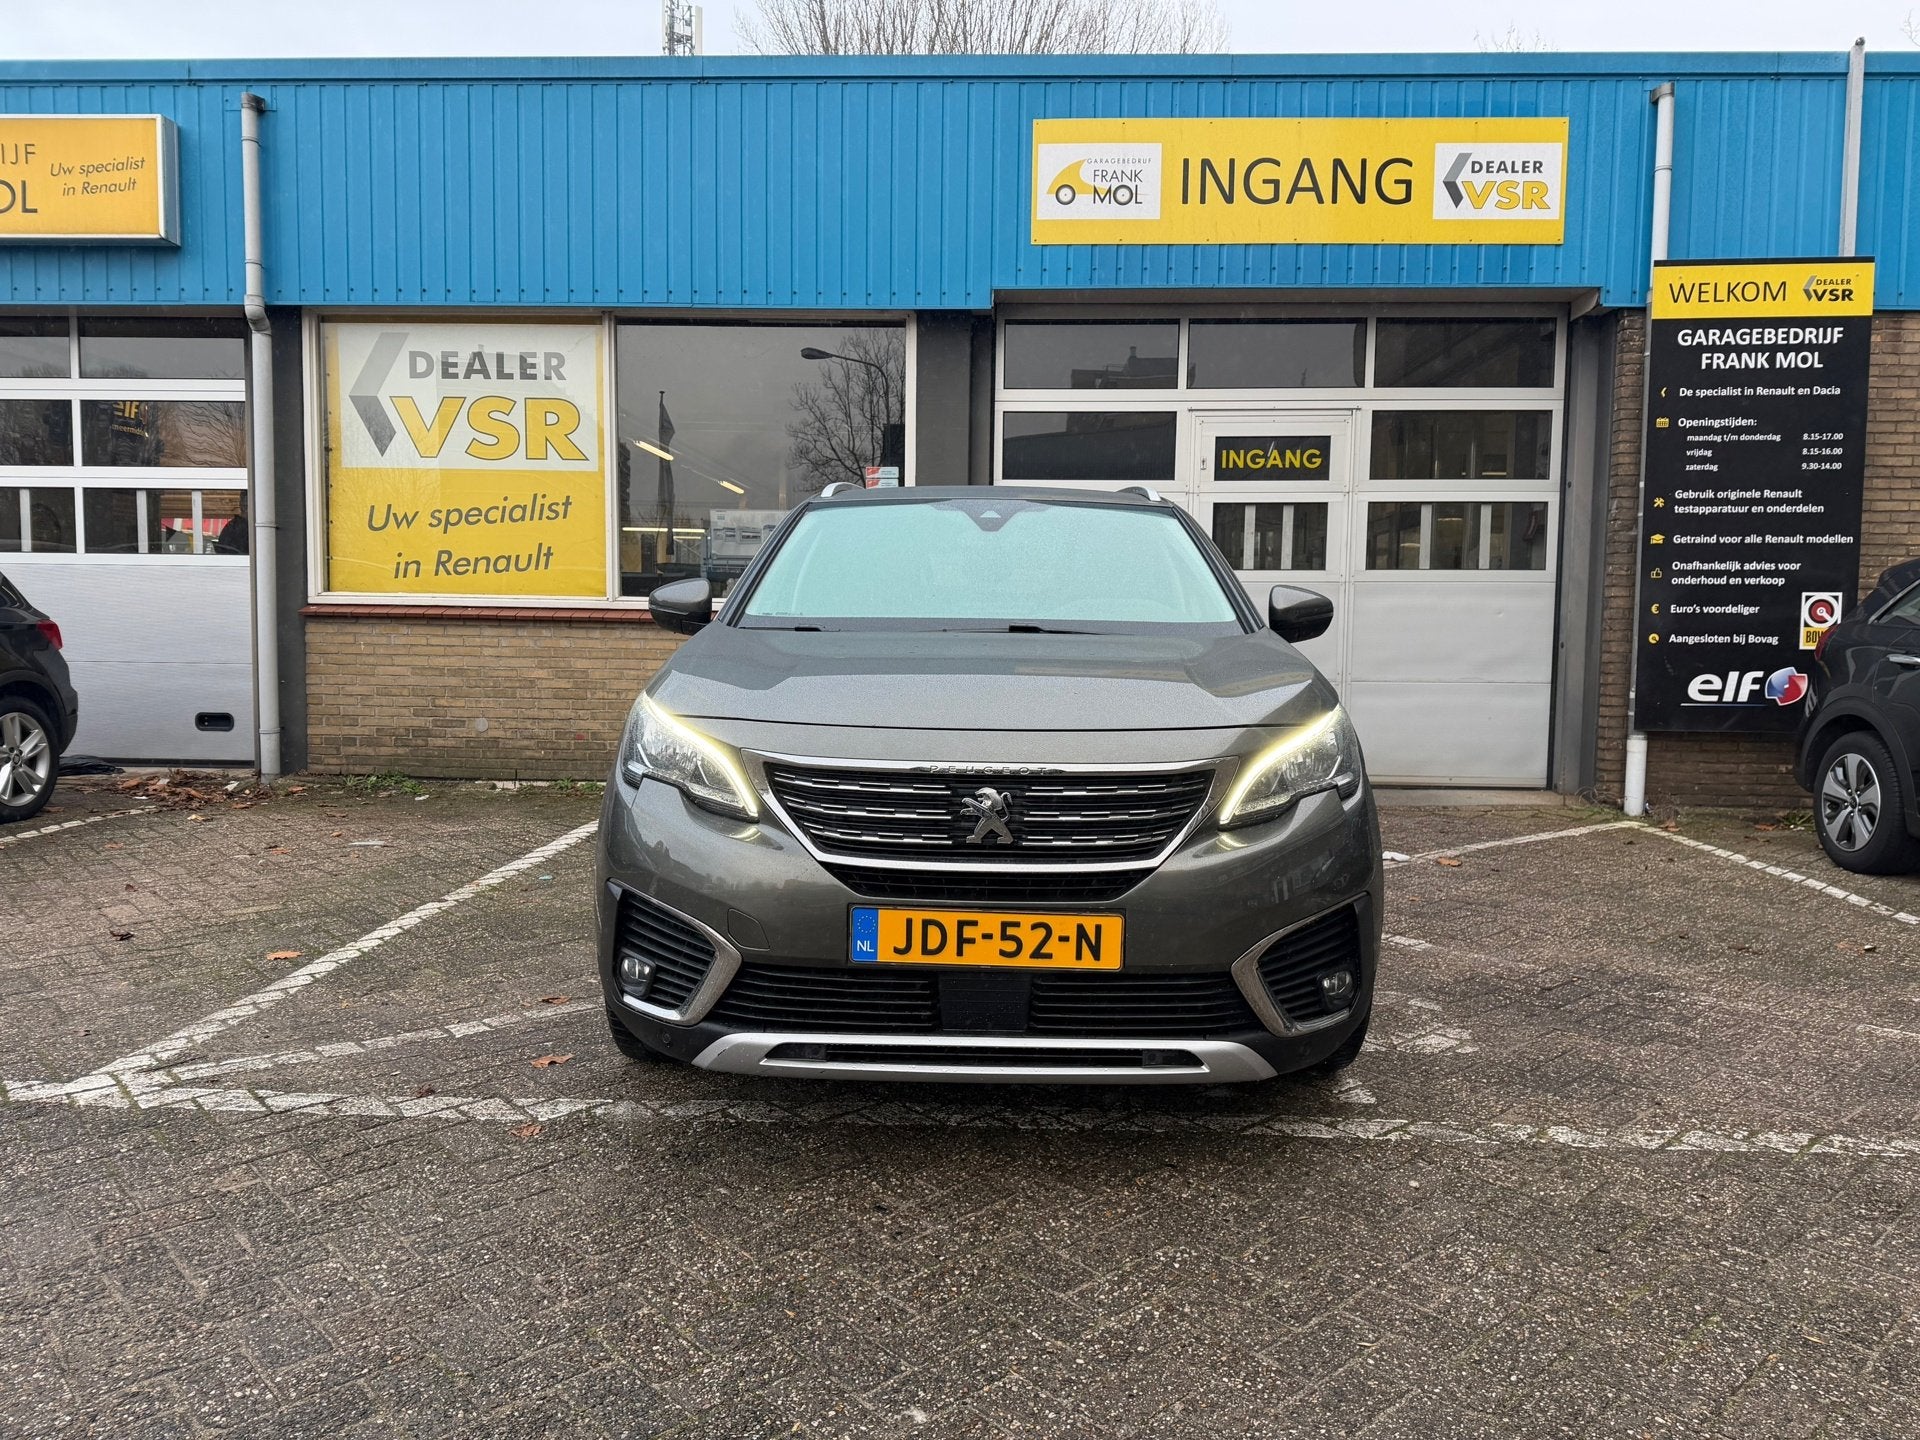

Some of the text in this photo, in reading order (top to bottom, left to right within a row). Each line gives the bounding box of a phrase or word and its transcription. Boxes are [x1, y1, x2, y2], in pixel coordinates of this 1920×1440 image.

[50, 156, 146, 178] Uw specialist
[1470, 160, 1544, 174] DEALER
[1093, 169, 1143, 182] FRANK
[1181, 157, 1413, 205] INGANG
[62, 177, 137, 197] in Renault
[1092, 184, 1143, 206] MOL
[1462, 179, 1551, 210] VSR
[1816, 278, 1852, 286] DEALER
[1669, 281, 1787, 303] WELKOM
[1812, 288, 1854, 301] VSR
[1677, 327, 1844, 347] GARAGEBEDRIJF
[408, 350, 567, 381] DEALER
[1701, 351, 1824, 369] FRANK MOL
[1679, 385, 1841, 398] De specialist in Renault en Dacia
[389, 395, 589, 462] VSR
[1678, 416, 1757, 428] Openingstijden:
[1686, 433, 1844, 443] maandag t/m donderdag 8.15-17.00
[1686, 447, 1843, 457] vrijdag 8.15-16.00
[1221, 449, 1322, 469] INGANG
[1685, 462, 1843, 472] zaterdag 9.30-14.00
[1674, 489, 1803, 500] Gebruik originele Renault
[367, 492, 572, 534] Uw specialist
[1674, 503, 1825, 515] testapparatuur en onderdelen
[1673, 534, 1854, 544] Getraind voor alle Renault modellen
[393, 542, 554, 579] in Renault
[1671, 560, 1802, 573] Onafhankelijk advies voor
[1671, 575, 1786, 587] onderhoud en verkoop
[1702, 604, 1760, 616] voordeliger
[1669, 633, 1779, 646] Aangesloten bij Bovag
[1687, 671, 1765, 702] elf
[929, 765, 1047, 775] PEUGEOT
[856, 940, 874, 952] NL
[893, 917, 1102, 962] JDF-52-N
================================
**TASK GOAL:** The data above should be returned in full, exactly as written, apart from its images.

**ANSWER SECTION:**
Some of the text in this photo, in reading order (top to bottom, left to right within a row). Each line gives the bounding box of a phrase or word and its transcription. Boxes are [x1, y1, x2, y2], in pixel coordinates of this 1920×1440 image.

[50, 156, 146, 178] Uw specialist
[1470, 160, 1544, 174] DEALER
[1093, 169, 1143, 182] FRANK
[1181, 157, 1413, 205] INGANG
[62, 177, 137, 197] in Renault
[1092, 184, 1143, 206] MOL
[1462, 179, 1551, 210] VSR
[1816, 278, 1852, 286] DEALER
[1669, 281, 1787, 303] WELKOM
[1812, 288, 1854, 301] VSR
[1677, 327, 1844, 347] GARAGEBEDRIJF
[408, 350, 567, 381] DEALER
[1701, 351, 1824, 369] FRANK MOL
[1679, 385, 1841, 398] De specialist in Renault en Dacia
[389, 395, 589, 462] VSR
[1678, 416, 1757, 428] Openingstijden:
[1686, 433, 1844, 443] maandag t/m donderdag 8.15-17.00
[1686, 447, 1843, 457] vrijdag 8.15-16.00
[1221, 449, 1322, 469] INGANG
[1685, 462, 1843, 472] zaterdag 9.30-14.00
[1674, 489, 1803, 500] Gebruik originele Renault
[367, 492, 572, 534] Uw specialist
[1674, 503, 1825, 515] testapparatuur en onderdelen
[1673, 534, 1854, 544] Getraind voor alle Renault modellen
[393, 542, 554, 579] in Renault
[1671, 560, 1802, 573] Onafhankelijk advies voor
[1671, 575, 1786, 587] onderhoud en verkoop
[1702, 604, 1760, 616] voordeliger
[1669, 633, 1779, 646] Aangesloten bij Bovag
[1687, 671, 1765, 702] elf
[929, 765, 1047, 775] PEUGEOT
[856, 940, 874, 952] NL
[893, 917, 1102, 962] JDF-52-N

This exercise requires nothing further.